Chairman Mallory addressed the crowd briefly, following Robertson.
“We want everyone to have the opportunity to share what’s on your heart and the concerns that they have,” Mallory said.
“We, as commissioners, and educators and boards of education can take those comments to heart … and move forward together as a county toward the same commonly shared goal, which is to have the best education system for our children,” he added.
During the public hearing, Lynne Taylor of Mooresville said if the bond is approved, it will create a hardship on her family’s budget.
“I’m speaking out against the proposed bond for education. I don’t want to see my property taxes raised yet again for school construction.

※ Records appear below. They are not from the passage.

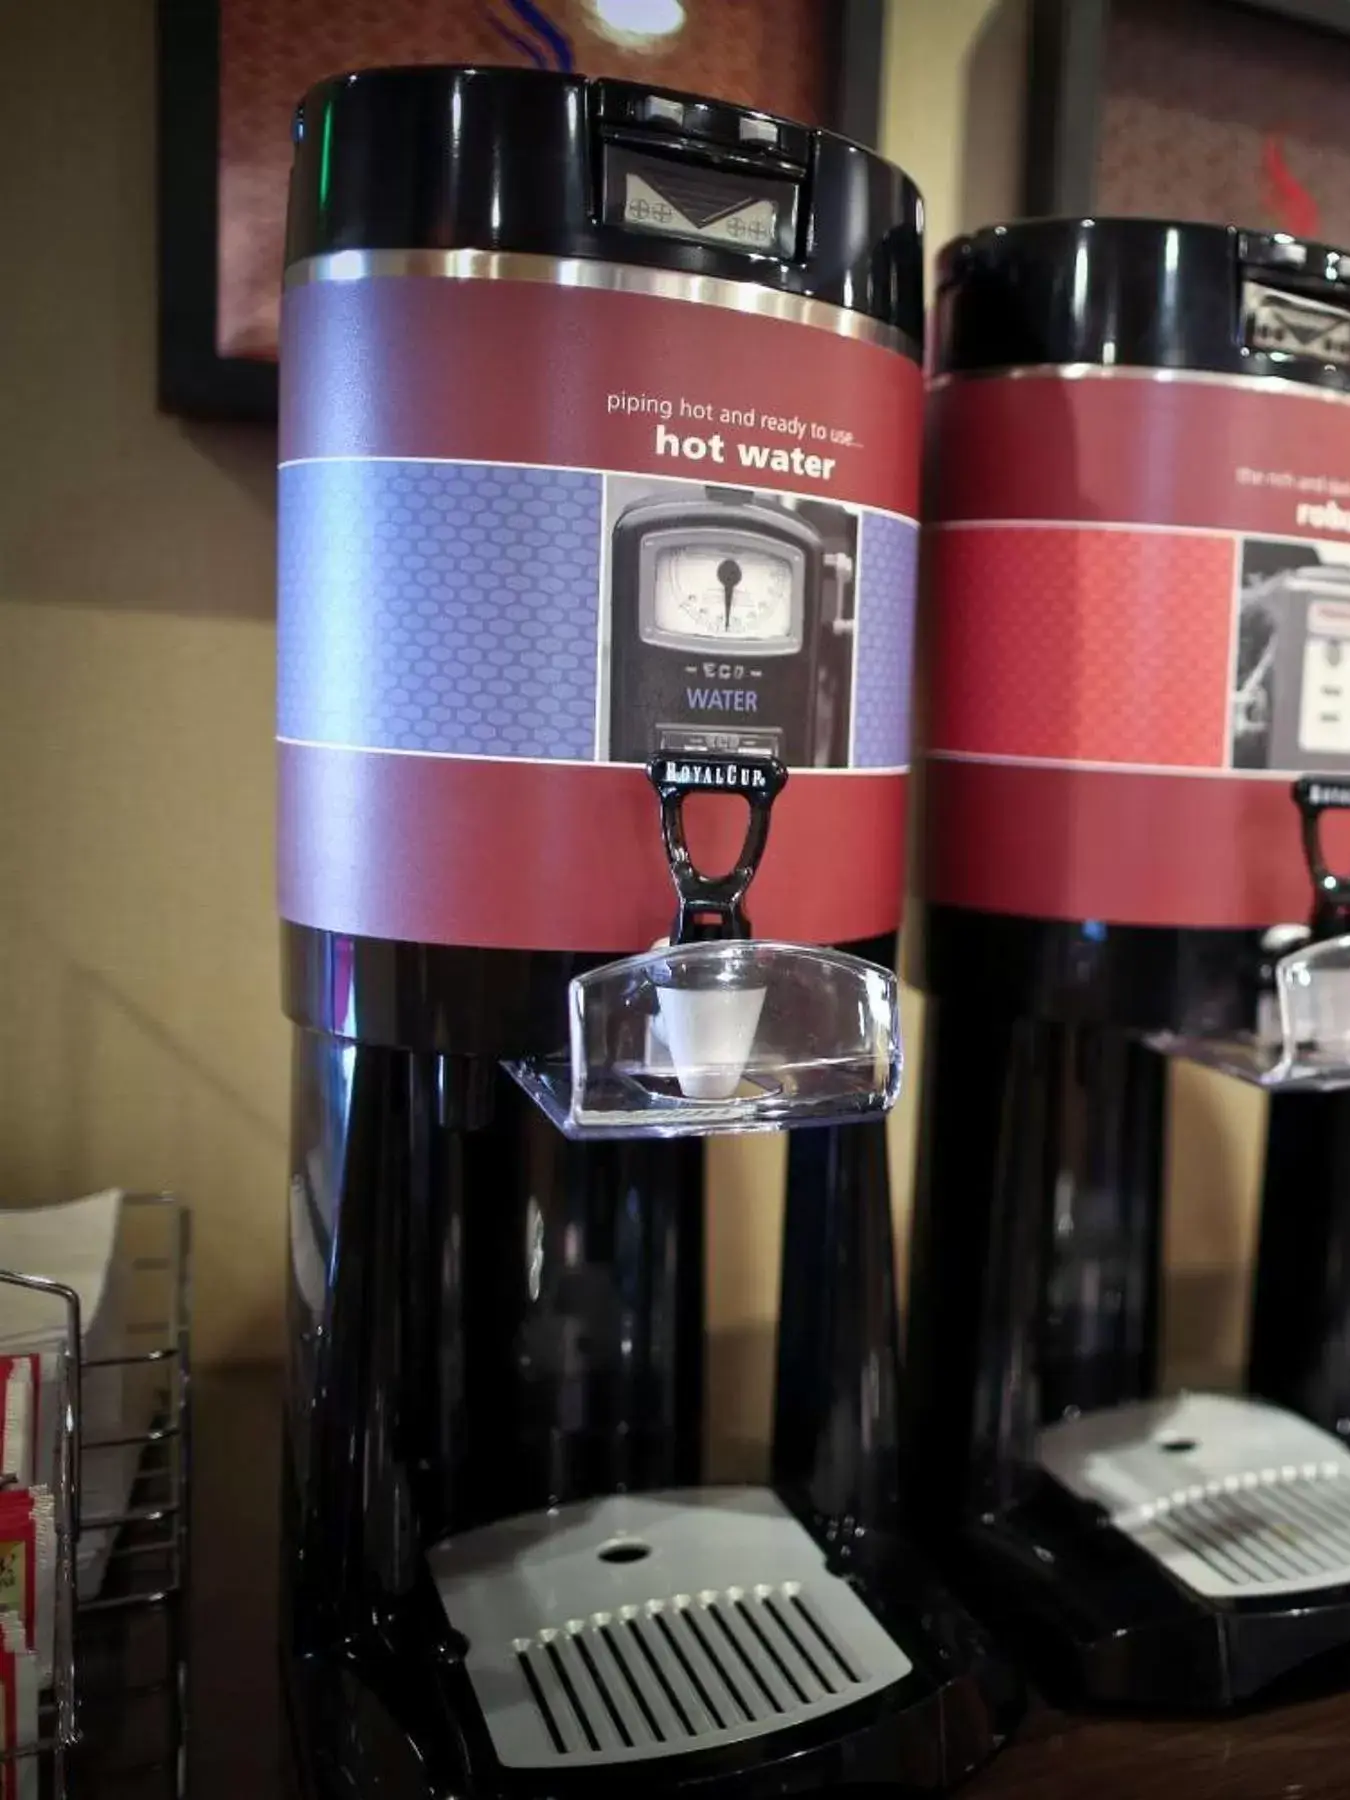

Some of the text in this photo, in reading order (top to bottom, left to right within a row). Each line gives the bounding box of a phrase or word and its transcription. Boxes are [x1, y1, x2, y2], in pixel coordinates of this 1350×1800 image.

[607, 391, 672, 419] piping
[680, 397, 713, 422] hot
[720, 408, 755, 427] and
[761, 414, 807, 440] ready
[811, 422, 827, 440] to
[655, 424, 836, 481] hot water
[686, 687, 758, 712] WATER
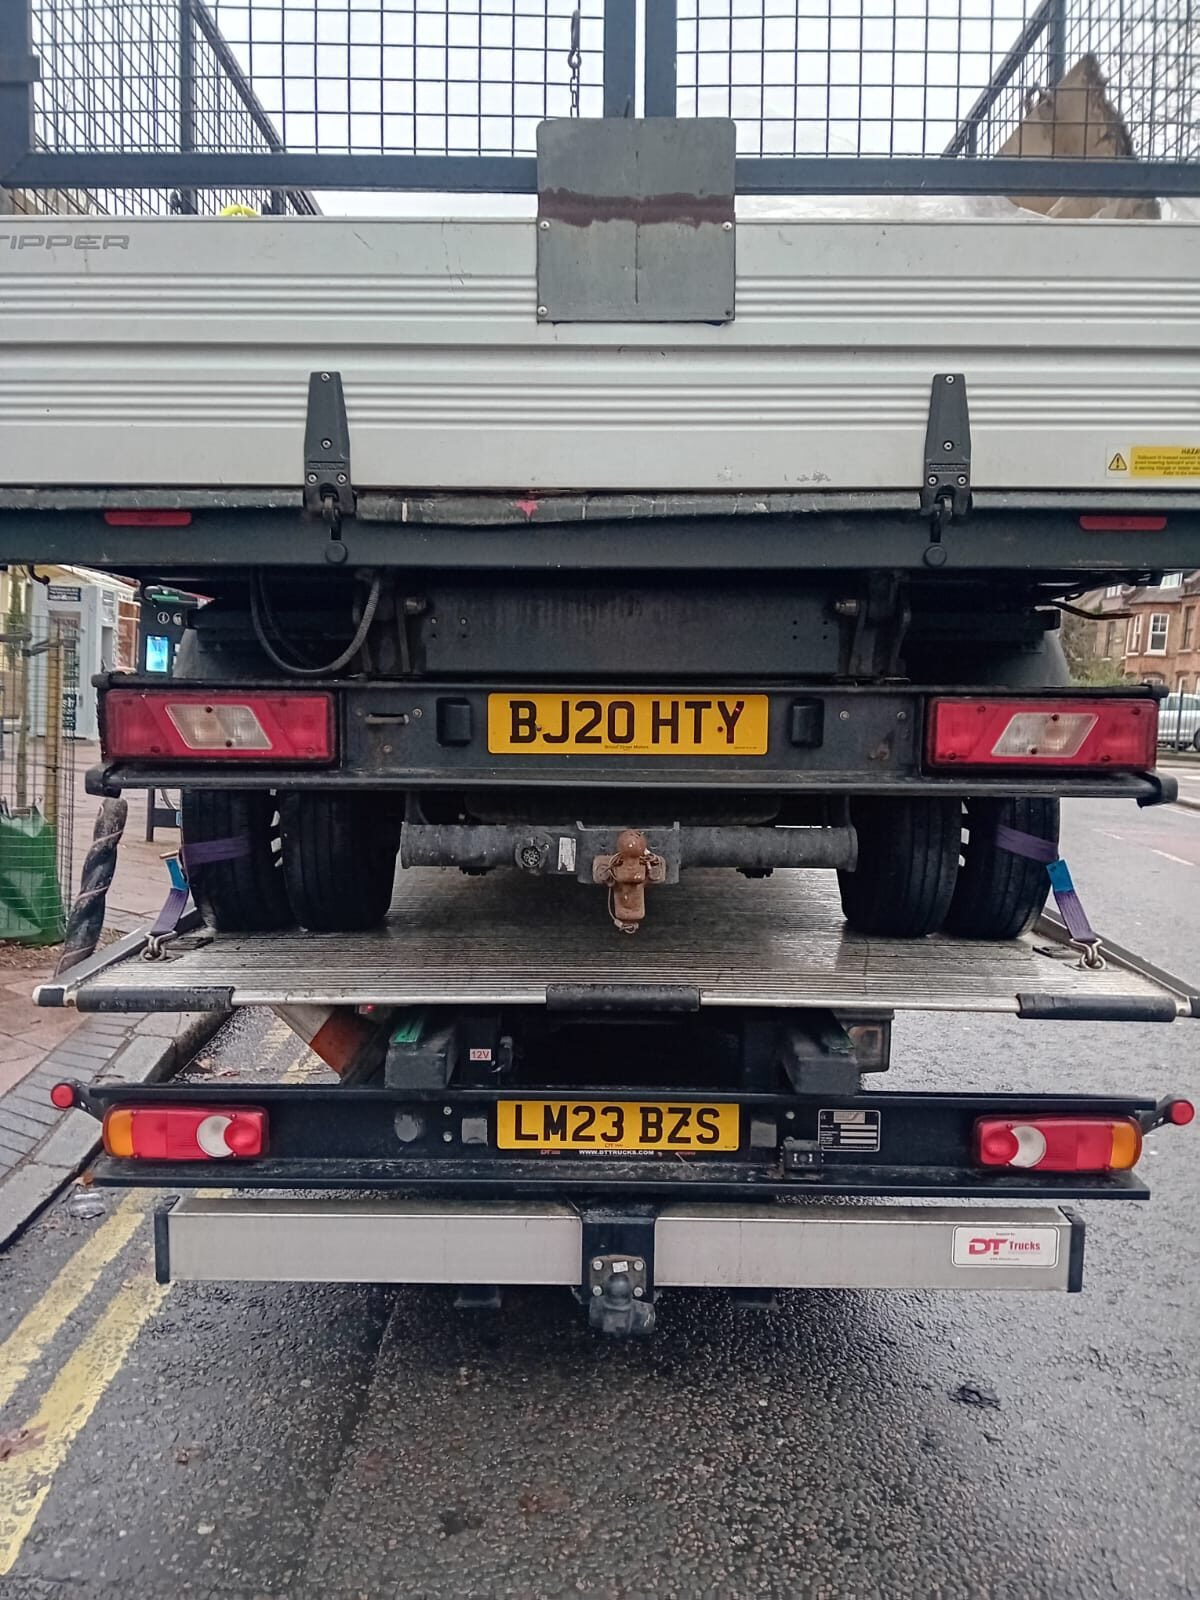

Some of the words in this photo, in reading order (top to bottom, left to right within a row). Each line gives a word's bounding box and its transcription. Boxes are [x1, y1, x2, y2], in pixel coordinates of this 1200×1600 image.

[509, 700, 635, 744] BJ20
[651, 700, 745, 744] HTY
[471, 1050, 490, 1059] 12V
[514, 1104, 625, 1143] LM23
[639, 1106, 721, 1145] BZS
[968, 1238, 1009, 1255] DT
[1009, 1240, 1041, 1251] Trucks

Between federal, state and local taxation, my property taxes are at an all-time high and my household income hasn’t risen to support all of this,” Taylor explained.
Furthermore, she asked that a financial audit be conducted of the school systems and how they are spending their money.
Aruna Saminathan, a Lake Norman High School junior, said that she knows firsthand that Lake Norman High is at maximum capacity.
The Advanced Placement Psychology class at the school has 50 students.
“Can a teacher really pay attention and meet each student’s needs?” she asked.
Voters must ask themselves how big can these classes get until the quality of education is affected, Saminathan said. “I do believe in five to 10 years we definitely need a new high and I support this bond,” she added.
Other community members cited school audits, a lack of trust in school administrators, the need for transparency and being double taxed as a resident of the Mooresville Graded Schools District, as reasons to oppose a bond referendum.
Bill Balatow, a realtor, said he will ask citizens to vote overwhelmingly yes for their children’s economic future – giving their children a reason to come back to the area and do great things for this county.
Shannon Viera, president of the Greater Statesville Chamber of Commerce and a parent of students in I-SS, said in order to grow residents must make education our No. 1 priority.
Viera said great schools encourage business development and if a big company is considering locating here, the first thing they want to hear about is the schools. “I know I did,” she said, referencing her move almost a year ago.
“We know that great schools increase our property values, decreases crime, encourages our family and residents to stay and be engaged. That is what education does,” Viera said.
Following the public hearing, commissioners unanimously approved a motion to formally begin the process of adopting a calendar for the bond referendum at their next meeting. There will be another public hearing before commissioners vote to consider putting the bond referendum on the March 2020 ballot.